> **Records shown**:
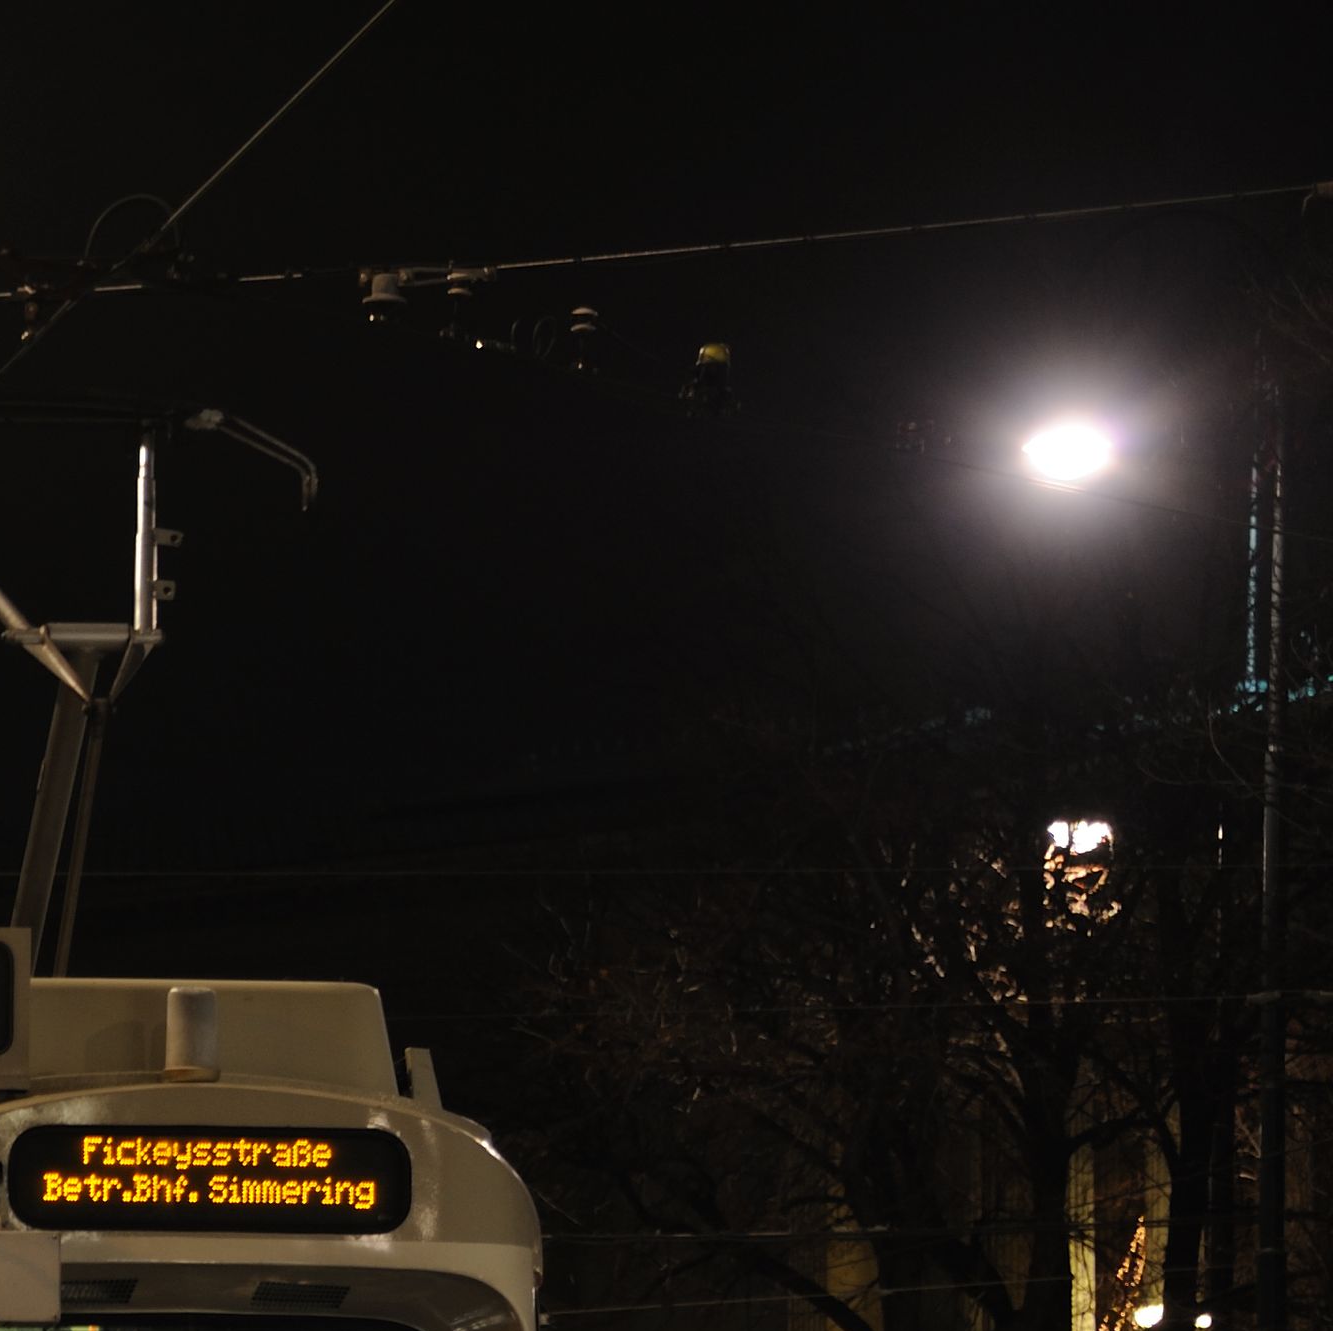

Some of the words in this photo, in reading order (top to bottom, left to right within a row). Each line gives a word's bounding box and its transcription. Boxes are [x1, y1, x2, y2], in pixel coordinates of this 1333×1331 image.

[82, 1134, 332, 1170] Fickeysstraße
[42, 1172, 200, 1204] Betr.Bhf.
[207, 1174, 377, 1211] Simmering
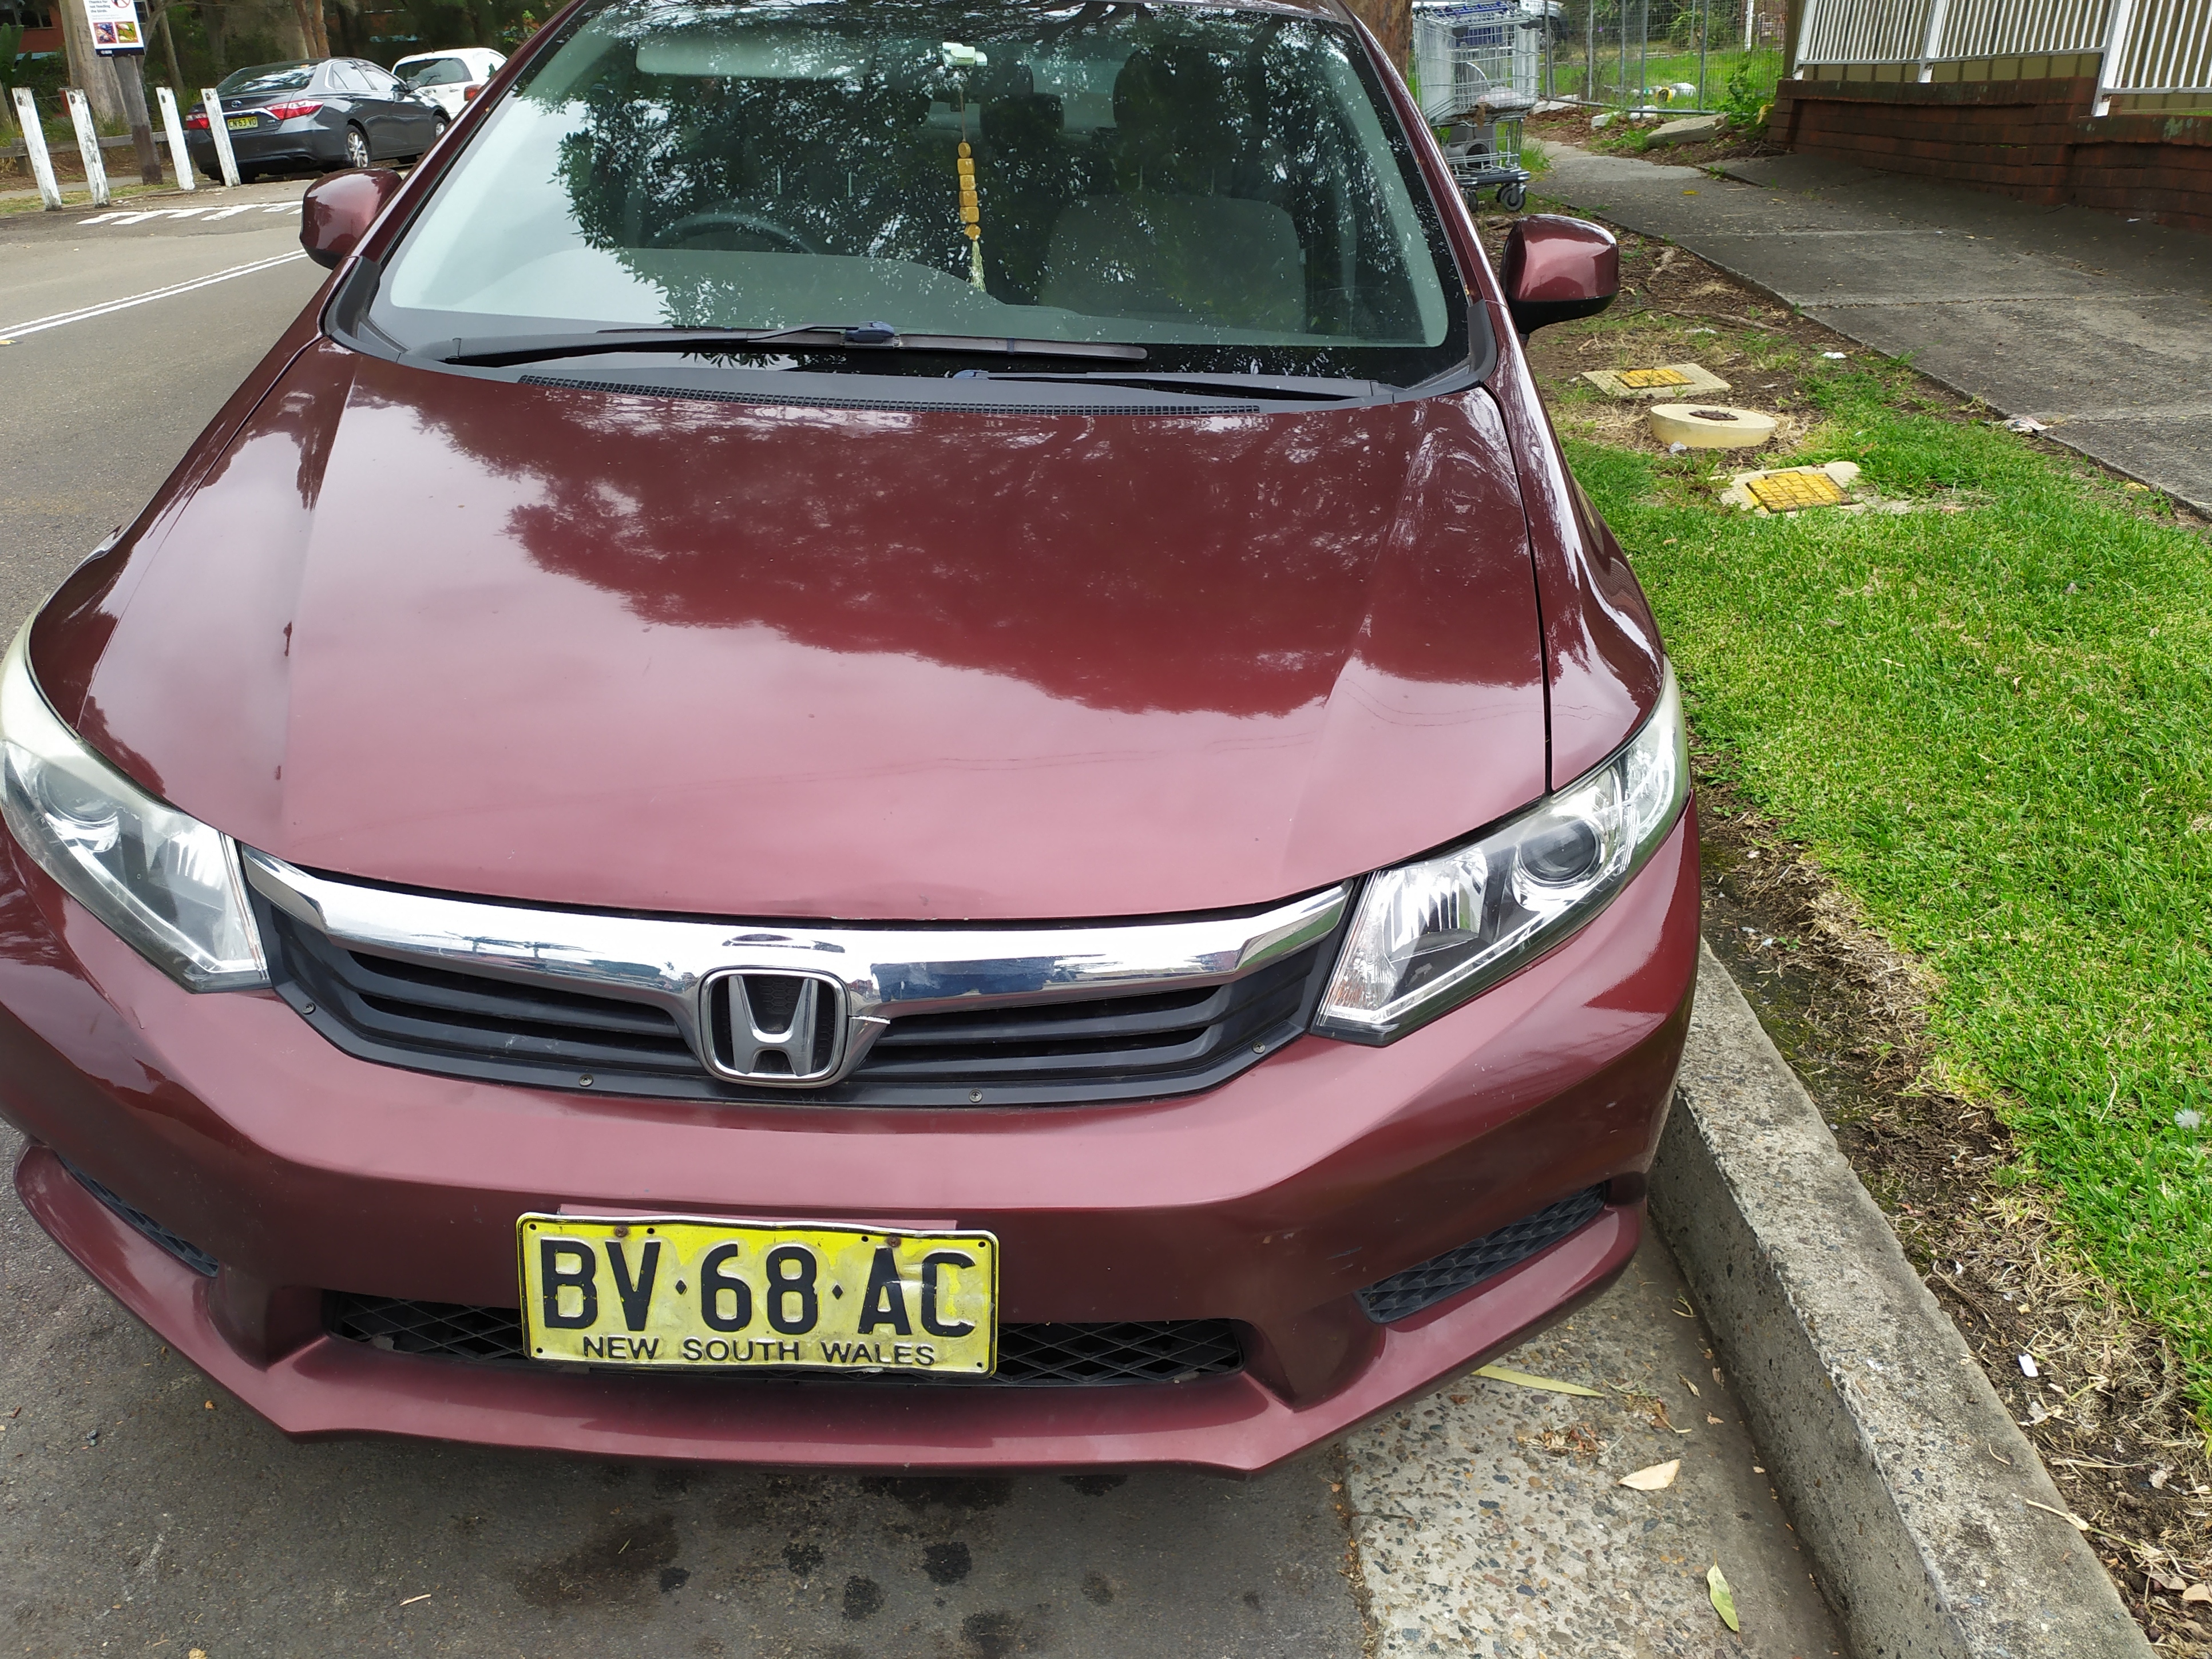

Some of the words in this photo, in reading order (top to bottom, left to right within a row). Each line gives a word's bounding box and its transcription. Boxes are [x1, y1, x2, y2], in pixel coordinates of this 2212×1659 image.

[583, 1335, 659, 1360] NEW
[683, 1336, 800, 1362] SOUTH
[821, 1341, 935, 1366] WALES
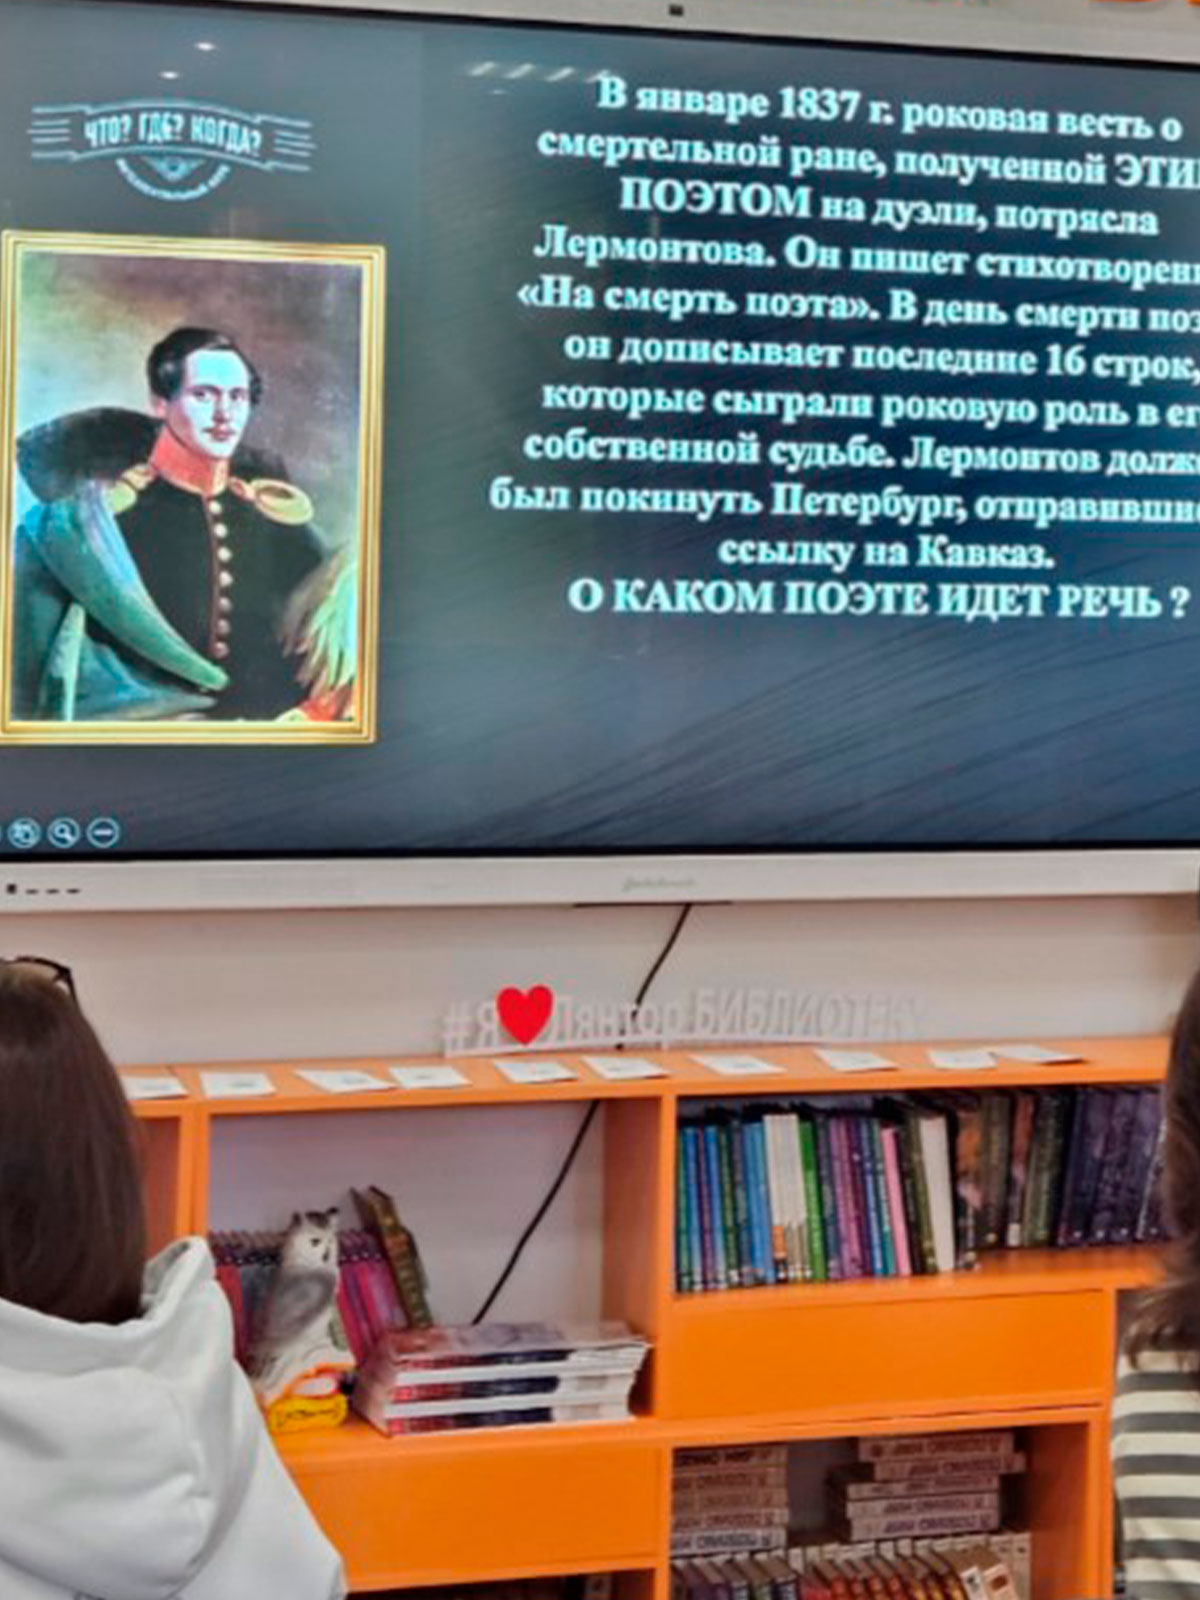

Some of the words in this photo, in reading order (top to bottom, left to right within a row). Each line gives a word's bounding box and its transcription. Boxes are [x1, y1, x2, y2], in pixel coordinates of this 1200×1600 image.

[598, 75, 627, 109] В
[636, 86, 769, 123] январе
[779, 87, 860, 120] 1837
[868, 101, 894, 124] г.
[901, 102, 1049, 134] роковая
[1057, 110, 1154, 139] весть
[1160, 118, 1183, 141] о
[84, 112, 132, 148] ЧТО?
[138, 111, 185, 144] ГДЕ?
[190, 114, 262, 157] КОГДА?
[537, 131, 780, 167] смертельной
[790, 146, 887, 177] ране,
[894, 150, 1106, 185] полученной
[619, 175, 812, 217] ПОЭТОМ
[821, 197, 866, 221] на
[871, 197, 988, 232] дуэли,
[995, 204, 1159, 240] потрясла
[532, 224, 776, 267] Лермонтова.
[785, 235, 841, 269] Он
[850, 249, 970, 273] пишет
[517, 274, 595, 310] «На
[603, 287, 735, 320] смерть
[745, 291, 880, 320] поэта».
[889, 288, 918, 320] В
[924, 299, 1008, 326] день
[1015, 301, 1141, 336] смерти
[563, 334, 612, 360] он
[617, 335, 845, 366] дописывает
[852, 344, 1038, 375] последние
[1046, 343, 1086, 376] 16
[541, 383, 705, 419] которые
[712, 388, 873, 424] сыграли
[881, 395, 1038, 429] роковую
[1043, 400, 1129, 431] роль
[1137, 403, 1160, 426] в
[523, 427, 760, 465] собственной
[768, 434, 896, 472] судьбе.
[902, 436, 1101, 477] Лермонтов
[489, 475, 571, 510] был
[579, 486, 763, 521] покинуть
[770, 482, 968, 525] Петербург,
[718, 538, 854, 573] ссылку
[863, 541, 909, 567] на
[916, 534, 1056, 568] Кавказ.
[568, 577, 604, 612] О
[612, 578, 773, 614] КАКОМ
[782, 579, 929, 616] ПОЭТЕ
[938, 581, 1050, 622] ИДЕТ
[1057, 583, 1162, 619] РЕЧЬ

> **Instructions for the task**:
Copy every record exactly, without the pictures.

> **Result**:
Some of the words in this photo, in reading order (top to bottom, left to right within a row). Each line gives a word's bounding box and its transcription. Boxes are [x1, y1, x2, y2], in pixel coordinates of this 1333×1331 image.

[82, 1134, 332, 1170] Fickeysstraße
[42, 1172, 200, 1204] Betr.Bhf.
[207, 1174, 377, 1211] Simmering

Some of the words in this photo, in reading order (top to bottom, left to right within a row). Each line gives a word's bounding box and its transcription. Boxes are [x1, y1, x2, y2], in pixel coordinates of this 2212×1659 image.

[583, 1335, 659, 1360] NEW
[683, 1336, 800, 1362] SOUTH
[821, 1341, 935, 1366] WALES

Some of the words in this photo, in reading order (top to bottom, left to right within a row). Each line gives a word's bounding box and its transcription. Boxes are [x1, y1, x2, y2], in pixel coordinates of this 1200×1600 image.

[598, 75, 627, 109] В
[636, 86, 769, 123] январе
[779, 87, 860, 120] 1837
[868, 101, 894, 124] г.
[901, 102, 1049, 134] роковая
[1057, 110, 1154, 139] весть
[1160, 118, 1183, 141] о
[84, 112, 132, 148] ЧТО?
[138, 111, 185, 144] ГДЕ?
[190, 114, 262, 157] КОГДА?
[537, 131, 780, 167] смертельной
[790, 146, 887, 177] ране,
[894, 150, 1106, 185] полученной
[619, 175, 812, 217] ПОЭТОМ
[821, 197, 866, 221] на
[871, 197, 988, 232] дуэли,
[995, 204, 1159, 240] потрясла
[532, 224, 776, 267] Лермонтова.
[785, 235, 841, 269] Он
[850, 249, 970, 273] пишет
[517, 274, 595, 310] «На
[603, 287, 735, 320] смерть
[745, 291, 880, 320] поэта».
[889, 288, 918, 320] В
[924, 299, 1008, 326] день
[1015, 301, 1141, 336] смерти
[563, 334, 612, 360] он
[617, 335, 845, 366] дописывает
[852, 344, 1038, 375] последние
[1046, 343, 1086, 376] 16
[541, 383, 705, 419] которые
[712, 388, 873, 424] сыграли
[881, 395, 1038, 429] роковую
[1043, 400, 1129, 431] роль
[1137, 403, 1160, 426] в
[523, 427, 760, 465] собственной
[768, 434, 896, 472] судьбе.
[902, 436, 1101, 477] Лермонтов
[489, 475, 571, 510] был
[579, 486, 763, 521] покинуть
[770, 482, 968, 525] Петербург,
[718, 538, 854, 573] ссылку
[863, 541, 909, 567] на
[916, 534, 1056, 568] Кавказ.
[568, 577, 604, 612] О
[612, 578, 773, 614] КАКОМ
[782, 579, 929, 616] ПОЭТЕ
[938, 581, 1050, 622] ИДЕТ
[1057, 583, 1162, 619] РЕЧЬ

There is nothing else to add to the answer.